HOW TO COMPLETE THIS TASK:
Take down each entry exactly as written.

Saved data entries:
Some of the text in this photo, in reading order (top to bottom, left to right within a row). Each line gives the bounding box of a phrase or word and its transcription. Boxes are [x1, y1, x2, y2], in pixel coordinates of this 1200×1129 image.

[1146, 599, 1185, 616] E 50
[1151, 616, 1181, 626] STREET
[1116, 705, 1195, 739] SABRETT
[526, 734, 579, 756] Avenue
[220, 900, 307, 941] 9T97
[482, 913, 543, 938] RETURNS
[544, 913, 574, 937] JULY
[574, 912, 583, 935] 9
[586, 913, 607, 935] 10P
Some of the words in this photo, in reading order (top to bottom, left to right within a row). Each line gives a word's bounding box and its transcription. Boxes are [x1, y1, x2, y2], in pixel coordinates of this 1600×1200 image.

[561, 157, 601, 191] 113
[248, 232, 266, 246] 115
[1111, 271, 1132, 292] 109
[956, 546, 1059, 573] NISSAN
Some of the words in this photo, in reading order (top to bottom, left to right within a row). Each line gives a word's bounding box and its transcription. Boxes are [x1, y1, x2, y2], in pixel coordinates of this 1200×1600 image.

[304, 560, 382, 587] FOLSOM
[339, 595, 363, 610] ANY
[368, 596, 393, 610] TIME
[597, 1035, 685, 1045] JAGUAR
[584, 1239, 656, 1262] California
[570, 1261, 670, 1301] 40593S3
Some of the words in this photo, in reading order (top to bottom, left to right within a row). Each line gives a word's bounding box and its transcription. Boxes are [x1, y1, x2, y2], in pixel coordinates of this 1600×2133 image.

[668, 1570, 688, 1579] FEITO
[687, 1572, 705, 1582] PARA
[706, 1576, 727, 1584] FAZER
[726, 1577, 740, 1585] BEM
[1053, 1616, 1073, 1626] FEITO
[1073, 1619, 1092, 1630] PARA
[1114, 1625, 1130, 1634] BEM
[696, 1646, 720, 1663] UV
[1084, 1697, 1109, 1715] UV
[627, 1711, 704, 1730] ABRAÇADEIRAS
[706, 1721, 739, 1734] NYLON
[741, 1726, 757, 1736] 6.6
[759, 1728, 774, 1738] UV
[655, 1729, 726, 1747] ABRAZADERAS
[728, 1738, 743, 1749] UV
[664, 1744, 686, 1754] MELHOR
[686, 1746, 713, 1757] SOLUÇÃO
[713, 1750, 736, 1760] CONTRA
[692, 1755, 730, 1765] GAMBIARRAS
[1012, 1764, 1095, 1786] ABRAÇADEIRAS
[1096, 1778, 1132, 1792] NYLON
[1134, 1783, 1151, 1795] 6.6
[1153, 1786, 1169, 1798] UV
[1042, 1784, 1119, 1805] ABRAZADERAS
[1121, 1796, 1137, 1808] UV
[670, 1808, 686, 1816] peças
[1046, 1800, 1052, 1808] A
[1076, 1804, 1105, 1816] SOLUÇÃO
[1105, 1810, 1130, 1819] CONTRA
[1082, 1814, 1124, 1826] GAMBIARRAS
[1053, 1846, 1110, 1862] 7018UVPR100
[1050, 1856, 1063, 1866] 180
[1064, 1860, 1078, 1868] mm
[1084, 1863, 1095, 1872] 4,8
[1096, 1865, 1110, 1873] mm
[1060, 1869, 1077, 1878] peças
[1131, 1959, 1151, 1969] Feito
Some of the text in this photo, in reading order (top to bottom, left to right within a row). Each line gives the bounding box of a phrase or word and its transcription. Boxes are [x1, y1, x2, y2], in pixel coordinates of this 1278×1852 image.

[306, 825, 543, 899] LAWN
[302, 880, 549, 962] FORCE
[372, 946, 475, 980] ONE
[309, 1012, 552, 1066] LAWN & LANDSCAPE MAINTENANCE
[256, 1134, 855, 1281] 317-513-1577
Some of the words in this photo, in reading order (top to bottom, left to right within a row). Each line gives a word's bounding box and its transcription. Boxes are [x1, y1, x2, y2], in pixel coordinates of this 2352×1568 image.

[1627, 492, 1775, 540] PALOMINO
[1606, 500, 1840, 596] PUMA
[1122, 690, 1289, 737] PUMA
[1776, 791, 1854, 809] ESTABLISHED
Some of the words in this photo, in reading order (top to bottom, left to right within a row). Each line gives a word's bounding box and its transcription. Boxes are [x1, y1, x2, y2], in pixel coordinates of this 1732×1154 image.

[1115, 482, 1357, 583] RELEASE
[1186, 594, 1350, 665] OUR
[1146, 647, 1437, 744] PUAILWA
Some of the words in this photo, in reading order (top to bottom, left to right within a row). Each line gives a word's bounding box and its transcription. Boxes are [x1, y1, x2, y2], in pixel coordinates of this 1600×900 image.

EXPECTED OUTPUT:
Some of the text in this photo, in reading order (top to bottom, left to right within a row). Each line gives the bounding box of a phrase or word and its transcription. Boxes are [x1, y1, x2, y2], in pixel coordinates of this 1200×1129 image.

[1146, 599, 1185, 616] E 50
[1151, 616, 1181, 626] STREET
[1116, 705, 1195, 739] SABRETT
[526, 734, 579, 756] Avenue
[220, 900, 307, 941] 9T97
[482, 913, 543, 938] RETURNS
[544, 913, 574, 937] JULY
[574, 912, 583, 935] 9
[586, 913, 607, 935] 10P
Some of the words in this photo, in reading order (top to bottom, left to right within a row). Each line gives a word's bounding box and its transcription. Boxes are [x1, y1, x2, y2], in pixel coordinates of this 1600×1200 image.

[561, 157, 601, 191] 113
[248, 232, 266, 246] 115
[1111, 271, 1132, 292] 109
[956, 546, 1059, 573] NISSAN
Some of the words in this photo, in reading order (top to bottom, left to right within a row). Each line gives a word's bounding box and its transcription. Boxes are [x1, y1, x2, y2], in pixel coordinates of this 1200×1600 image.

[304, 560, 382, 587] FOLSOM
[339, 595, 363, 610] ANY
[368, 596, 393, 610] TIME
[597, 1035, 685, 1045] JAGUAR
[584, 1239, 656, 1262] California
[570, 1261, 670, 1301] 40593S3
Some of the words in this photo, in reading order (top to bottom, left to right within a row). Each line gives a word's bounding box and its transcription. Boxes are [x1, y1, x2, y2], in pixel coordinates of this 1600×2133 image.

[668, 1570, 688, 1579] FEITO
[687, 1572, 705, 1582] PARA
[706, 1576, 727, 1584] FAZER
[726, 1577, 740, 1585] BEM
[1053, 1616, 1073, 1626] FEITO
[1073, 1619, 1092, 1630] PARA
[1114, 1625, 1130, 1634] BEM
[696, 1646, 720, 1663] UV
[1084, 1697, 1109, 1715] UV
[627, 1711, 704, 1730] ABRAÇADEIRAS
[706, 1721, 739, 1734] NYLON
[741, 1726, 757, 1736] 6.6
[759, 1728, 774, 1738] UV
[655, 1729, 726, 1747] ABRAZADERAS
[728, 1738, 743, 1749] UV
[664, 1744, 686, 1754] MELHOR
[686, 1746, 713, 1757] SOLUÇÃO
[713, 1750, 736, 1760] CONTRA
[692, 1755, 730, 1765] GAMBIARRAS
[1012, 1764, 1095, 1786] ABRAÇADEIRAS
[1096, 1778, 1132, 1792] NYLON
[1134, 1783, 1151, 1795] 6.6
[1153, 1786, 1169, 1798] UV
[1042, 1784, 1119, 1805] ABRAZADERAS
[1121, 1796, 1137, 1808] UV
[670, 1808, 686, 1816] peças
[1046, 1800, 1052, 1808] A
[1076, 1804, 1105, 1816] SOLUÇÃO
[1105, 1810, 1130, 1819] CONTRA
[1082, 1814, 1124, 1826] GAMBIARRAS
[1053, 1846, 1110, 1862] 7018UVPR100
[1050, 1856, 1063, 1866] 180
[1064, 1860, 1078, 1868] mm
[1084, 1863, 1095, 1872] 4,8
[1096, 1865, 1110, 1873] mm
[1060, 1869, 1077, 1878] peças
[1131, 1959, 1151, 1969] Feito
Some of the text in this photo, in reading order (top to bottom, left to right within a row). Each line gives the bounding box of a phrase or word and its transcription. Boxes are [x1, y1, x2, y2], in pixel coordinates of this 1278×1852 image.

[306, 825, 543, 899] LAWN
[302, 880, 549, 962] FORCE
[372, 946, 475, 980] ONE
[309, 1012, 552, 1066] LAWN & LANDSCAPE MAINTENANCE
[256, 1134, 855, 1281] 317-513-1577
Some of the words in this photo, in reading order (top to bottom, left to right within a row). Each line gives a word's bounding box and its transcription. Boxes are [x1, y1, x2, y2], in pixel coordinates of this 2352×1568 image.

[1627, 492, 1775, 540] PALOMINO
[1606, 500, 1840, 596] PUMA
[1122, 690, 1289, 737] PUMA
[1776, 791, 1854, 809] ESTABLISHED
Some of the words in this photo, in reading order (top to bottom, left to right within a row). Each line gives a word's bounding box and its transcription. Boxes are [x1, y1, x2, y2], in pixel coordinates of this 1732×1154 image.

[1115, 482, 1357, 583] RELEASE
[1186, 594, 1350, 665] OUR
[1146, 647, 1437, 744] PUAILWA
Some of the words in this photo, in reading order (top to bottom, left to right within a row). Each line gives a word's bounding box and its transcription. Boxes are [x1, y1, x2, y2], in pixel coordinates of this 1600×900 image.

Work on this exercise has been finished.